* _Exercise description_:
Output every entry below word for word, without its pictures.

(Collected data)
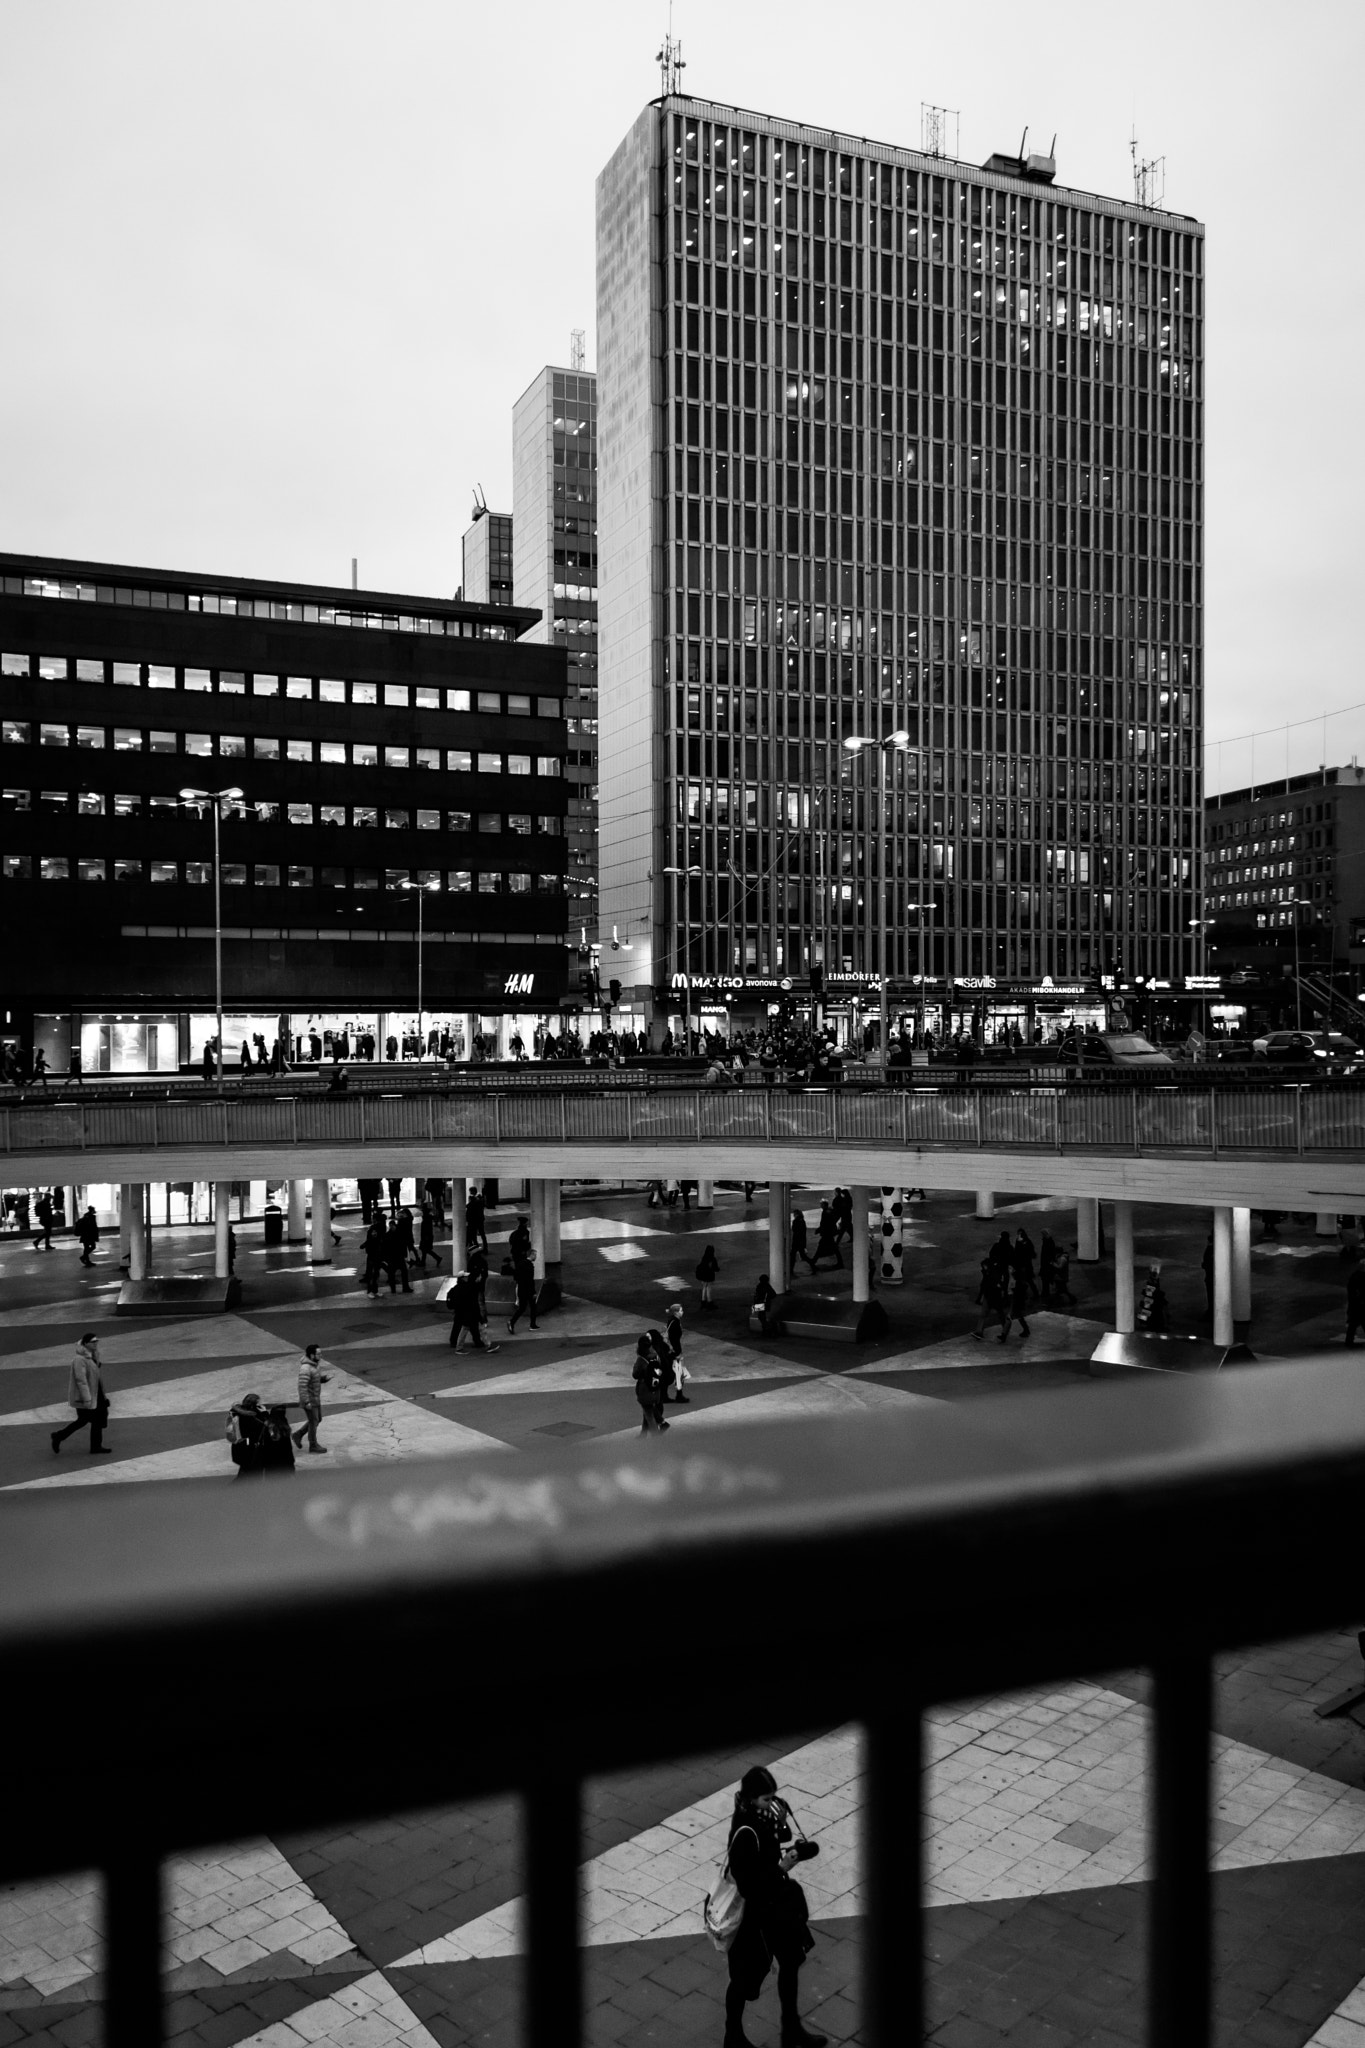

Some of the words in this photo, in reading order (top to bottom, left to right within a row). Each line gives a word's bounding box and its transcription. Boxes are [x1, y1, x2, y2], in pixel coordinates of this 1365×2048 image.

[825, 971, 881, 981] EIMDÖRFER
[963, 975, 997, 988] savills
[504, 973, 535, 994] H&M
[745, 979, 778, 987] avonova

* _Reply to the task_:
Some of the words in this photo, in reading order (top to bottom, left to right within a row). Each line gives a word's bounding box and its transcription. Boxes are [x1, y1, x2, y2], in pixel coordinates of this 1365×2048 image.

[825, 971, 881, 981] EIMDÖRFER
[963, 975, 997, 988] savills
[504, 973, 535, 994] H&M
[745, 979, 778, 987] avonova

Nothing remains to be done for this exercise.